I was drafted in 1965 and was shipped to Vietnam in 1966. I went over as a possible grunt. I was trained to fire mortars. When I checked in they gave me a choice, drive a truck or be a clerk. Simple logic told me to grab the clerk job. I had no great motive like saving my country from Communism, nor was I a dove. I simply went along with the system. I have always suffered a self-imposed sense of guilt for not having been a combat veteran. I was proud to be in the midst of those who truly suffered, yet glad I wasn't one of them. I just want the folks to know that the clerks, mechanics, cooks and other support personnel did a job too.
It would be a real change to read an article about a Vietnam veteran who came back and went on to have a successful life. But I guess success isn't as interesting as drugs or booze. My husband had two tours in Vietnam, one as an airman and forward ground observer for the Air Force and a second as a warrant officer and helicopter pilot for the Army. The second was cut short when he was seriously wounded. He came back and proved to the Army that he could fly again. He retired at 20 years as a major with permanent disability. After retirement, he worked as a free-lance manufacturing engineer for defense contractors until his current illness. He has an astrocytoma, which may or may not have been caused by exposure to Agent Orange, but he still isn't bitter about any of his experiences. His attitude toward life is exemplified by the fact that, when he met two strangers with a blind son in an airport, he gave them his name and address so that he could donate his eyes to their son when he dies. You never read this type of story because it concerns people who went on with their lives in spite of or maybe because of Vietnam.
Susan B. Avery
San Angelo, Texas
One more story on the joys of motherhood as told by a celebrity mom, and I am going to scream. Jaclyn Smith, whose talent and beauty I greatly admire, lives in a fantasyland and hasn't a clue as to what raising a child in the real world is like. I am the mother of three children, all of whom I adore. But, let's face it, sometimes a full day of washing, ironing, cooking, cleaning, carpooling and changing diapers just isn't all that much fun.
Jane S. Parkinson
Sting says that he has turned to acting so that he can grow old "gracefully," unlike Mick Jagger who now appears "undignified" onstage. I hope that Mick Jagger never gives a graceful or dignified performance. If those things are important to Sting, he can have them and then disappear into obscurity, where he won't be missed. I would rather see Mick sing and dance any day. His latest album and video show that he has only improved with age.
As the mother of a 19-year-old terminal cancer patient, I was totally horrified to read about a father who could maim his son as Kerry Crocker did by exposing him to radiation.

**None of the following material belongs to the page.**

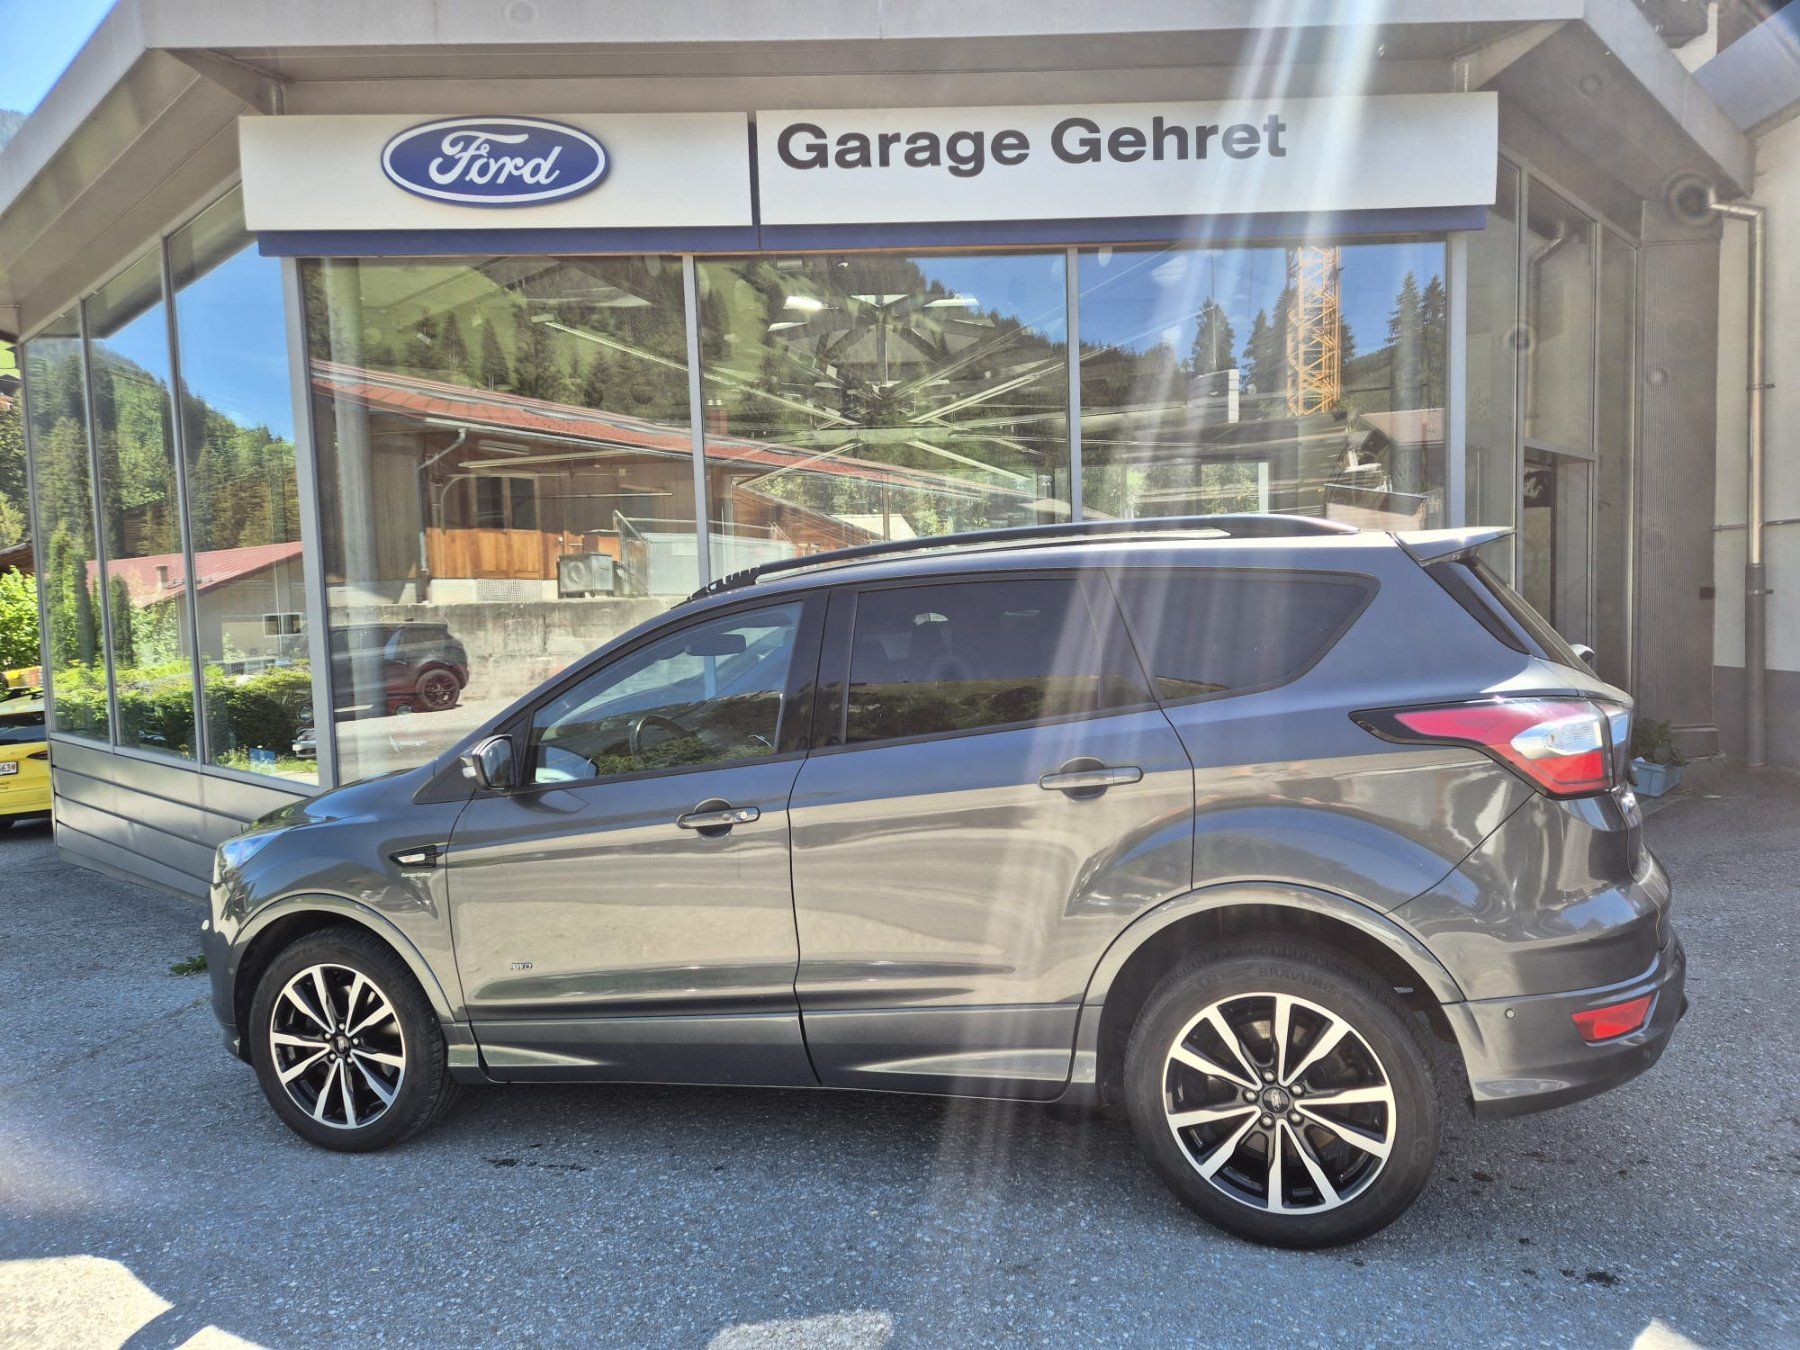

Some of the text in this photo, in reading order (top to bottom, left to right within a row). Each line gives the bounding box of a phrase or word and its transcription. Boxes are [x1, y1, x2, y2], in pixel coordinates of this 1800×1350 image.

I pray each day for my son to be relieved of his pain. I cannot comprehend a parent such as this one.
Picks & Pans
How nice to find that your critic also enjoyed Moonlighting, a fun show with talented performers and exceptional writing. ABC was lucky to have found a fresh, stylish answer to the detective war that is raging among the networks. If they stubbornly refuse to return the show to the fall schedule, they deserve their last-place status.

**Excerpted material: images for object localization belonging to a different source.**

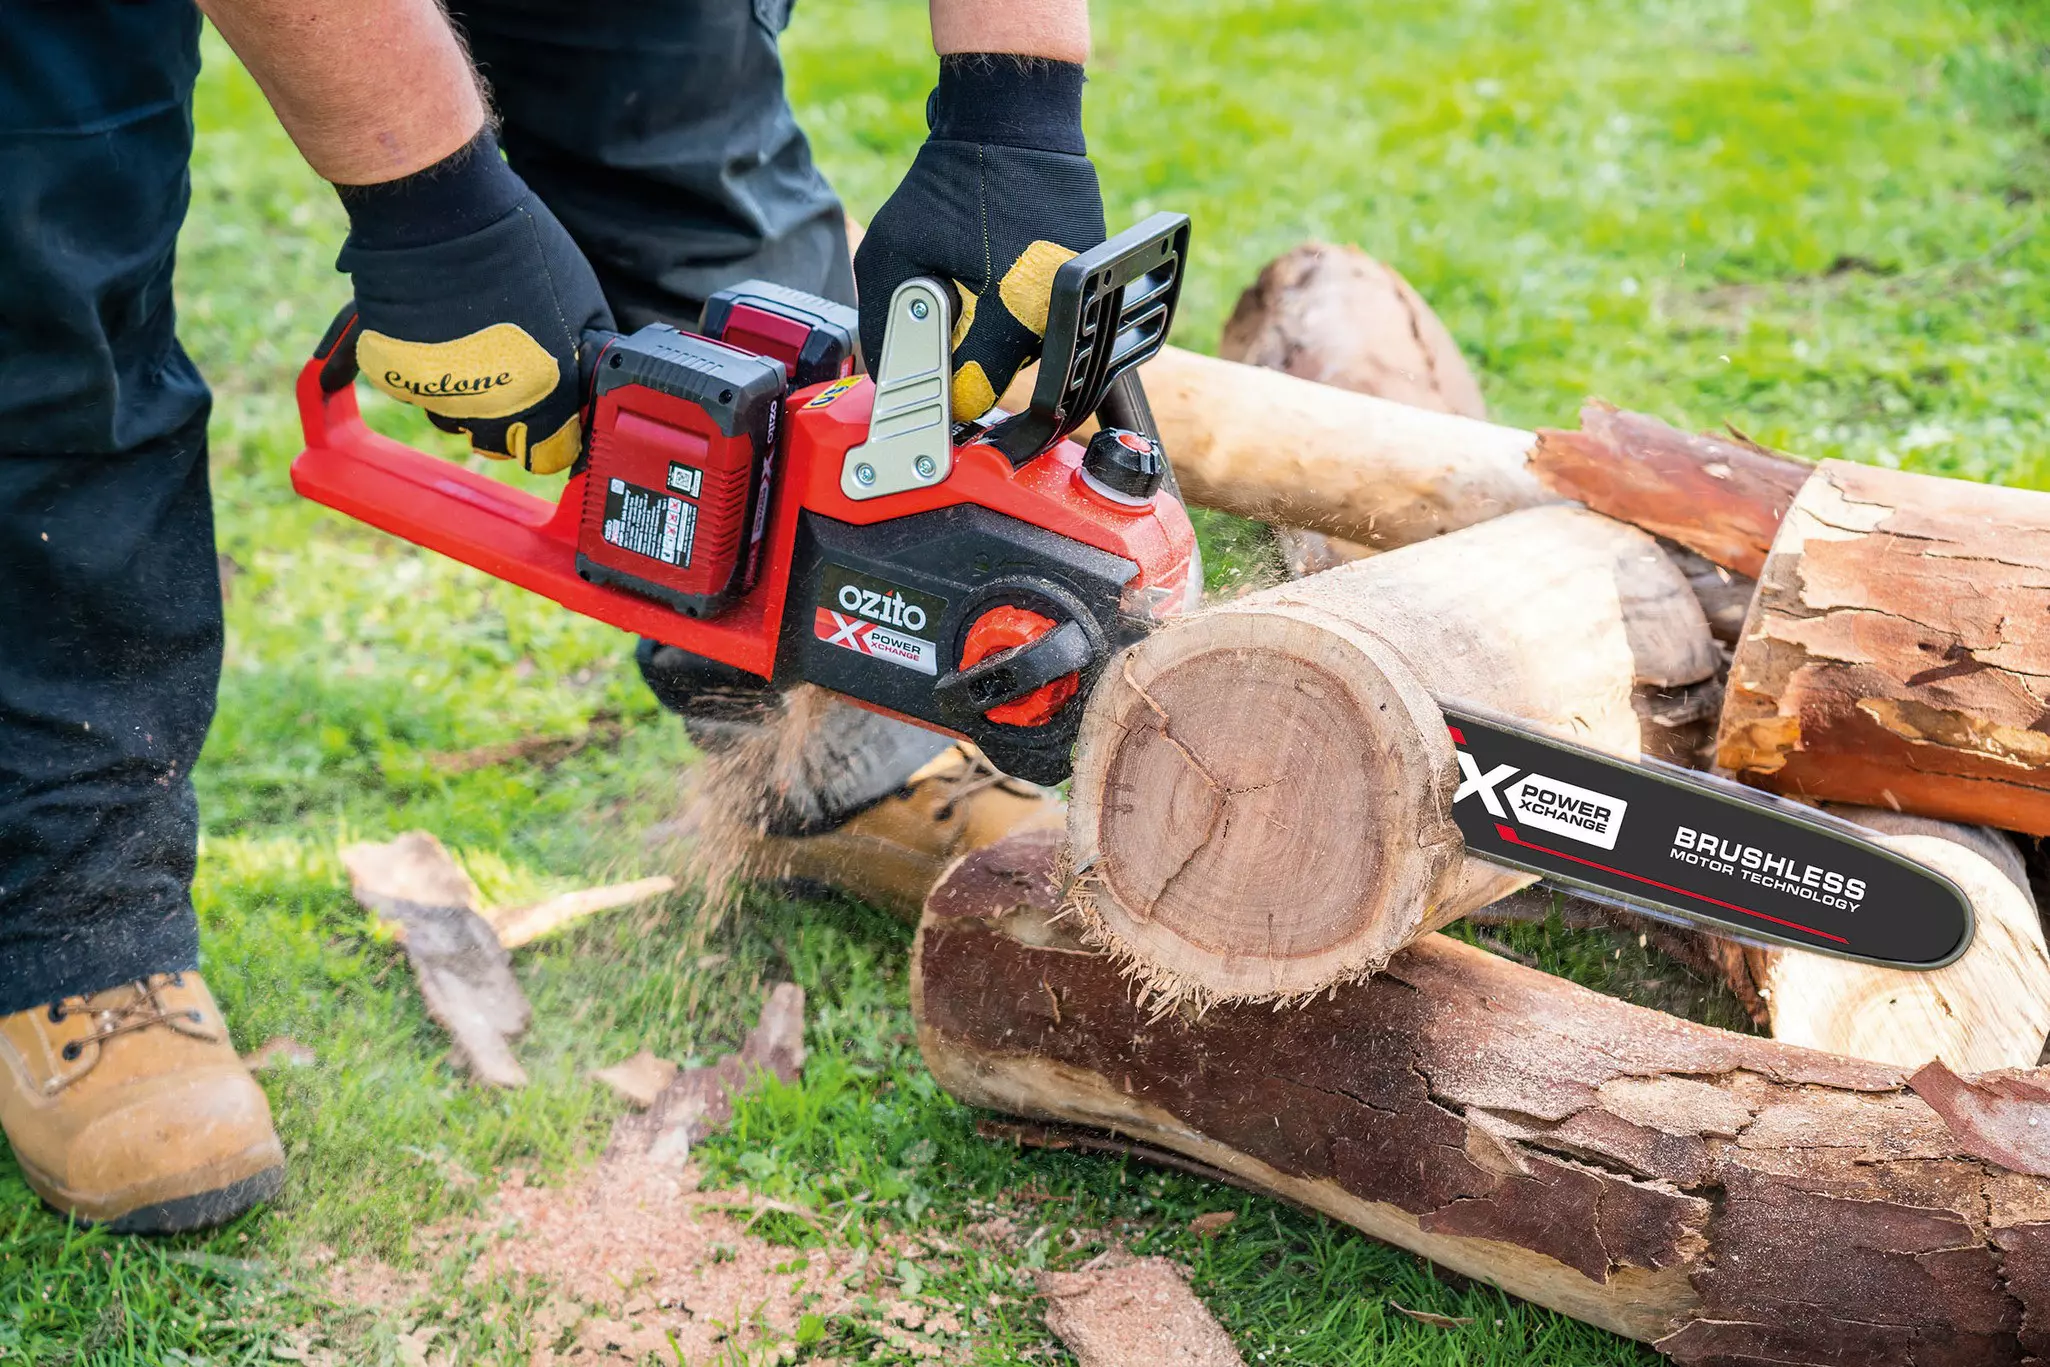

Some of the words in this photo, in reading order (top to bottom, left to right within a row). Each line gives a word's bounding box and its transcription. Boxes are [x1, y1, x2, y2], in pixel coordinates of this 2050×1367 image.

[384, 370, 513, 397] Cyclone
[766, 400, 778, 444] ozito
[838, 584, 927, 631] ozito
[870, 641, 920, 662] XCHANGE
[871, 632, 921, 655] POWER
[1518, 799, 1608, 834] XCHANGE
[1519, 783, 1613, 824] POWER
[1669, 847, 1734, 876] MOTOR
[1740, 868, 1861, 914] TECHNOLOGY
[1673, 826, 1868, 901] BRUSHLESS

What an annoying, pointless article! When there are so many young people in this country doing good things, why focus on and glamorize a silly and senseless tradition that is also irresponsible and dangerous? I learned all I needed to know about the intelligence of some of these kids, when I looked at the supposedly clever messages emblazoned on their signs. One youth is grasping a piece of paper that reads, "Were drunk" in which the necessary apostrophe is missing, while another tells us proudly, "You're wish is my command." Maybe these lads should have been studying English textbooks instead of hitting the beach?